[Records to process — start]

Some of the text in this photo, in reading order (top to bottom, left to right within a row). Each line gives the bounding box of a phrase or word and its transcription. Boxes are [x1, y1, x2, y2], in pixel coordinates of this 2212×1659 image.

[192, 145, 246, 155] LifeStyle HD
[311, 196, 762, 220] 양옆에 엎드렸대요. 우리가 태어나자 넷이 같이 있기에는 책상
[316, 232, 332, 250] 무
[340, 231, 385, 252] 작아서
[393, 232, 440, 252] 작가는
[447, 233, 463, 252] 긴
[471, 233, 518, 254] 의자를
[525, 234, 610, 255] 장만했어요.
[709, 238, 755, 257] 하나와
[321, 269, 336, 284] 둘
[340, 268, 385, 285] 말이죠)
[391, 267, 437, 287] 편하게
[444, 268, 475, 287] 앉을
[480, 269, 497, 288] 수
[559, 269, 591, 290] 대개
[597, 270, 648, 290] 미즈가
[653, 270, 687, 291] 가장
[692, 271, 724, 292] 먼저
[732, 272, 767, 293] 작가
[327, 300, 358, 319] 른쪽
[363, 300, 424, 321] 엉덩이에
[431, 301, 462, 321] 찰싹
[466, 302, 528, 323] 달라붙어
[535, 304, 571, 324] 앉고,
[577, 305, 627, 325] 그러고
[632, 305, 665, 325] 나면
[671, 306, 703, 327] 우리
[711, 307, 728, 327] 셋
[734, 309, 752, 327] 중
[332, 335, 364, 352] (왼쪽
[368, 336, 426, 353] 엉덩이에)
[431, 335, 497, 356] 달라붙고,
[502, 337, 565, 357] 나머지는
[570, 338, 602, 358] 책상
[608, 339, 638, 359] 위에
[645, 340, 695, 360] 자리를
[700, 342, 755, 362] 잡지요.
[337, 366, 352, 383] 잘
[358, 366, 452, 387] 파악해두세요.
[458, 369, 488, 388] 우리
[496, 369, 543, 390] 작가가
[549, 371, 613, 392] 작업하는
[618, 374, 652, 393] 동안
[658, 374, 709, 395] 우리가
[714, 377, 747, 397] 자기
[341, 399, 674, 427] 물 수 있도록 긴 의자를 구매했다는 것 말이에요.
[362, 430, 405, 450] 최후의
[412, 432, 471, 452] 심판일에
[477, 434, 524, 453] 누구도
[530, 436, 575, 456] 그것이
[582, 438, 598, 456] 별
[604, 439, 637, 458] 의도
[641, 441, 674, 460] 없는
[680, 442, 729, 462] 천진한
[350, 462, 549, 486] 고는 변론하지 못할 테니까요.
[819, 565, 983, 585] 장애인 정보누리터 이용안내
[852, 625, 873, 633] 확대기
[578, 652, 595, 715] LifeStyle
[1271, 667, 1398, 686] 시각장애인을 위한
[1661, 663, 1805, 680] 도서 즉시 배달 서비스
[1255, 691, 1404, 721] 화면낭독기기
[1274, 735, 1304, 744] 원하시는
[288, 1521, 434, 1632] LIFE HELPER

[Records to process — finish]

- [Your goal]:
Output the entire listing above without leaving out or altering anything.

- [Result for this exercise]:
Some of the text in this photo, in reading order (top to bottom, left to right within a row). Each line gives the bounding box of a phrase or word and its transcription. Boxes are [x1, y1, x2, y2], in pixel coordinates of this 2212×1659 image.

[192, 145, 246, 155] LifeStyle HD
[311, 196, 762, 220] 양옆에 엎드렸대요. 우리가 태어나자 넷이 같이 있기에는 책상
[316, 232, 332, 250] 무
[340, 231, 385, 252] 작아서
[393, 232, 440, 252] 작가는
[447, 233, 463, 252] 긴
[471, 233, 518, 254] 의자를
[525, 234, 610, 255] 장만했어요.
[709, 238, 755, 257] 하나와
[321, 269, 336, 284] 둘
[340, 268, 385, 285] 말이죠)
[391, 267, 437, 287] 편하게
[444, 268, 475, 287] 앉을
[480, 269, 497, 288] 수
[559, 269, 591, 290] 대개
[597, 270, 648, 290] 미즈가
[653, 270, 687, 291] 가장
[692, 271, 724, 292] 먼저
[732, 272, 767, 293] 작가
[327, 300, 358, 319] 른쪽
[363, 300, 424, 321] 엉덩이에
[431, 301, 462, 321] 찰싹
[466, 302, 528, 323] 달라붙어
[535, 304, 571, 324] 앉고,
[577, 305, 627, 325] 그러고
[632, 305, 665, 325] 나면
[671, 306, 703, 327] 우리
[711, 307, 728, 327] 셋
[734, 309, 752, 327] 중
[332, 335, 364, 352] (왼쪽
[368, 336, 426, 353] 엉덩이에)
[431, 335, 497, 356] 달라붙고,
[502, 337, 565, 357] 나머지는
[570, 338, 602, 358] 책상
[608, 339, 638, 359] 위에
[645, 340, 695, 360] 자리를
[700, 342, 755, 362] 잡지요.
[337, 366, 352, 383] 잘
[358, 366, 452, 387] 파악해두세요.
[458, 369, 488, 388] 우리
[496, 369, 543, 390] 작가가
[549, 371, 613, 392] 작업하는
[618, 374, 652, 393] 동안
[658, 374, 709, 395] 우리가
[714, 377, 747, 397] 자기
[341, 399, 674, 427] 물 수 있도록 긴 의자를 구매했다는 것 말이에요.
[362, 430, 405, 450] 최후의
[412, 432, 471, 452] 심판일에
[477, 434, 524, 453] 누구도
[530, 436, 575, 456] 그것이
[582, 438, 598, 456] 별
[604, 439, 637, 458] 의도
[641, 441, 674, 460] 없는
[680, 442, 729, 462] 천진한
[350, 462, 549, 486] 고는 변론하지 못할 테니까요.
[819, 565, 983, 585] 장애인 정보누리터 이용안내
[852, 625, 873, 633] 확대기
[578, 652, 595, 715] LifeStyle
[1271, 667, 1398, 686] 시각장애인을 위한
[1661, 663, 1805, 680] 도서 즉시 배달 서비스
[1255, 691, 1404, 721] 화면낭독기기
[1274, 735, 1304, 744] 원하시는
[288, 1521, 434, 1632] LIFE HELPER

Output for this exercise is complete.